One of the primary shifts in the information and technology area in this century is the collection and analysis of digital evidence which is becoming an essential tool for solving crimes (Chernyshev, Zeadally, Baig, & Woodward, 2017) increasingly. Technology portability has increased the amount of data that can be created, stored, or accessed at every moment (Vermeer, Woods, & Jackson, 2018). Modern technological devices are repositories of both corporate and personal information, and there is a significant benefit of being able to take advantage of forensic evidence to obtain convictions in criminal cases (Goodison, Davis, & Jackson, 2015). However, the use of digital evidence is faced by recovery and admissibility challenges that have significantly affected the overall ability to use it primarily due to privacy concerns. Victims and suspects digital evidence can be used by law enforcement agencies in their investigations and criminal proceedings (Chernyshev et al., 2017). Digital evidence provides valuable leads that help law enforcement to resolve the crime. However, digital evidence can, at the same time possess significant consequences if the right procedures are not used to collect it and use it appropriately in criminal proceeds. Digital evidence can be conceived as information that is leveraged to place people and events within space and time that can be used to prove causality of criminal incidents (Chernyshev et al., 2017). Digital evidence is highly sensitive because it involves personally sensitive information from personal communication gadgets.
Limitations of Digital Evidence in Criminal Proceedings
The first challenge of digital evidence is complexity. This issue is concerned with storing, acquiring, and processing significant bits of data. The increased proliferation of information from digital marketing avenues has led to a high increase in data (Larson, 2014). Evidence is rarely stored in one single medium or host. Instead, it is spread to a variety of digital locations. These locations may be social networks such as Facebook, Twitter, Reddit, Instagram, and other similar sites, or cloud resources (Franke & Arnes, 2017). Information may also be kept in personal storage units such as hard disks. Each of these avenues requires expertise and tools to assess the evidence and subsequently recreate the evidence from there (Larson, 2014). Furthermore, additional time may be needed, depending on the difficulty of the issue.

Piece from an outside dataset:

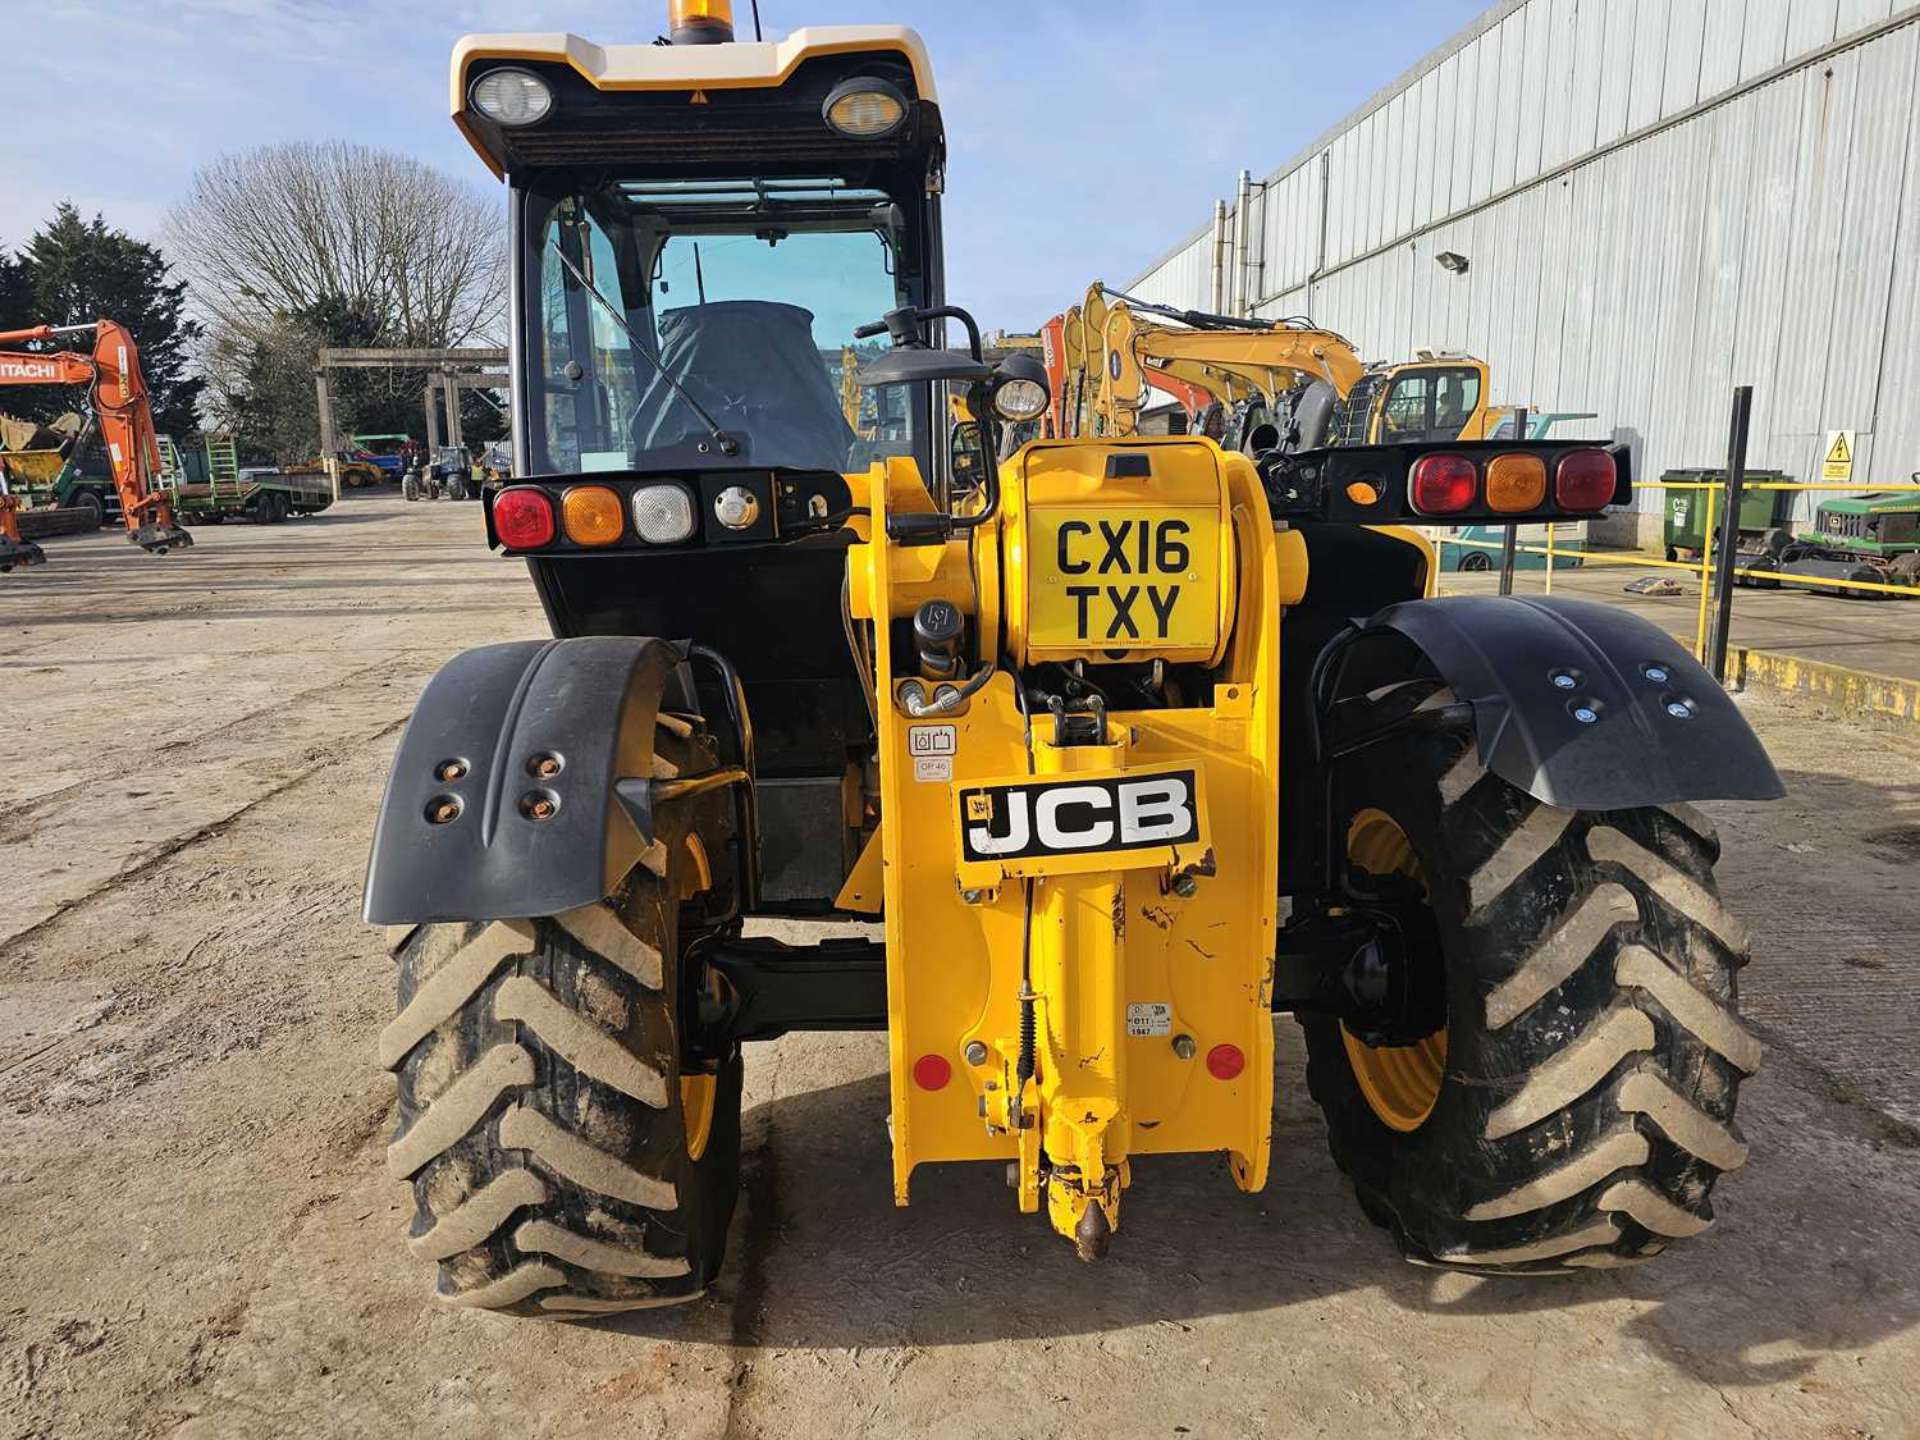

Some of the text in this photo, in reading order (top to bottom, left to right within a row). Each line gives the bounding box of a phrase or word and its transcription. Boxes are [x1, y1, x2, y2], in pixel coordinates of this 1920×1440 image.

One suggestion that has been offered to work through the complexity is automation. However, this course of action has been the subject of heavy criticism from a section of digital investigators because it can dilute the quality of the evidence. It suffices to note that automation may reduce the time needed for analysis significantly. It may also lower the number of people required typically during scrutiny. Therefore, with the increased proliferation of technology and the associated advances, the complexity of digital evidence has continued to grow (Franke & Arnes, 2017). Forensic investigators need to develop ways to tackle this challenge in managing digital proof appropriately.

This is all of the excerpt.